I've used the starter pack and noticed that even claims like e-mail are declared in the schema on TrustFrameworkBase ClaimSchema element like the sample below, some of them references a DefaultPartnerClaimTypes element by protocol:

<ClaimsSchema>
...

  <ClaimType Id="displayName">
        <DisplayName>Display Name</DisplayName>
        <DataType>string</DataType>
        <DefaultPartnerClaimTypes>
          <Protocol Name="OAuth2" PartnerClaimType="unique_name" />
          <Protocol Name="OpenIdConnect" PartnerClaimType="name" />
          <Protocol Name="SAML2" PartnerClaimType="http://schemas.xmlsoap.org/ws/2005/05/identity/claims/name" />
        </DefaultPartnerClaimTypes>
        <UserHelpText>Your display name.</UserHelpText>
        <UserInputType>TextBox</UserInputType>
      </ClaimType>
...
      <ClaimType Id="email">
        <DisplayName>Email Address</DisplayName>
        <DataType>string</DataType>
        <DefaultPartnerClaimTypes>
          <Protocol Name="OpenIdConnect" PartnerClaimType="email" />
        </DefaultPartnerClaimTypes>
        <Restriction>
          <Pattern RegularExpression="^[a-zA-Z0-9.!#$%&amp;'^_`{}~-]+@[a-zA-Z0-9-]+(?:\.[a-zA-Z0-9-]+)*$" HelpText="Please enter a valid email address." />
        </Restriction>
      </ClaimType>
...
</ClaimsSchema>

These are text typed claims and the e-mail claim for instance has a regex restriction to validate email adress, my question is regarding a country/region claims for example, which in the built in claim are enumeration restricted and presented as dropdown.

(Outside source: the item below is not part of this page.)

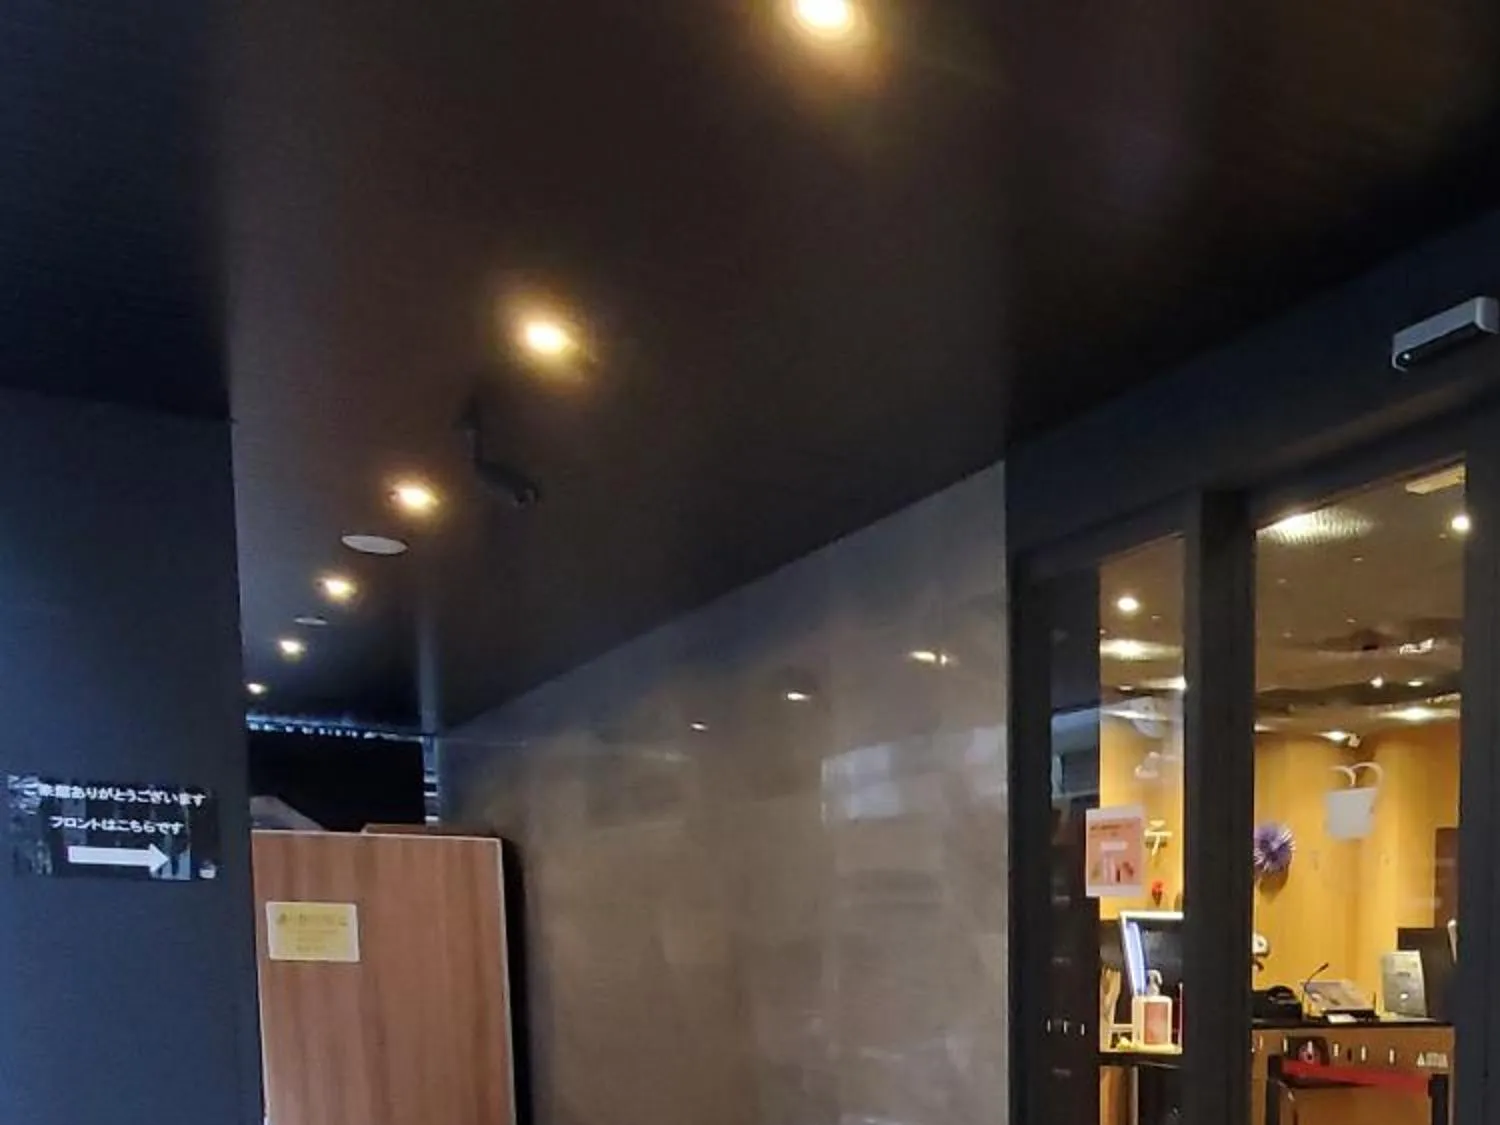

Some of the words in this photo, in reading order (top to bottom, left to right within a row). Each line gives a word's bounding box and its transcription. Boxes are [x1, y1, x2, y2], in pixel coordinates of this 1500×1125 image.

[48, 816, 185, 835] フロントはこちらです
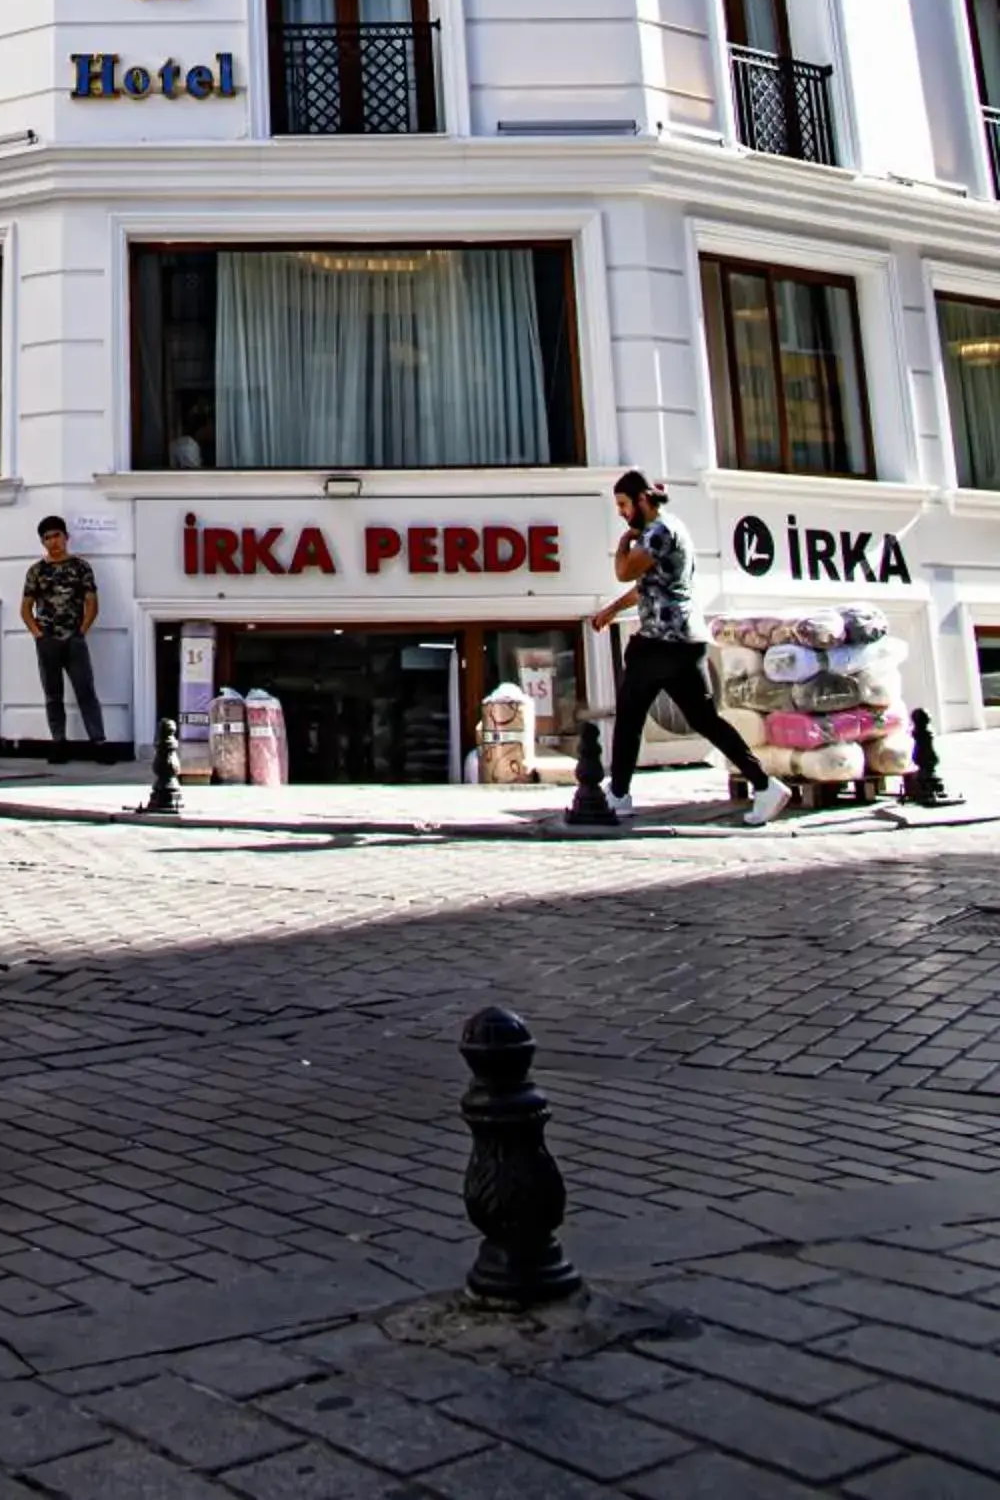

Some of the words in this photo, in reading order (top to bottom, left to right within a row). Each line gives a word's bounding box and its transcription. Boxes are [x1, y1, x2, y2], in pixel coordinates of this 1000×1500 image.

Is it possible to reference it from my custom policy without defining all elements and rules? Simply reference the built-in ClaimType?

Thank you

1
azure-ad-b2c
Hi Alex, I meet the same problem as you. So what is your final decision? I also want to reuse the build-in claims contry/region in custom policy. But I don't want to list all the countries in <Restriction /> element in custom policy, do you find some other approach?PhineasJ

1 Answers

1
votes

The country claim is mapped to the country property of the user object. The country property of a user object can contain any string value.

So it's up to the policy developer to determine if the country claim should be limited to a well-known list of values or not.

If so, then you must add the <Restriction /> element to the claim type.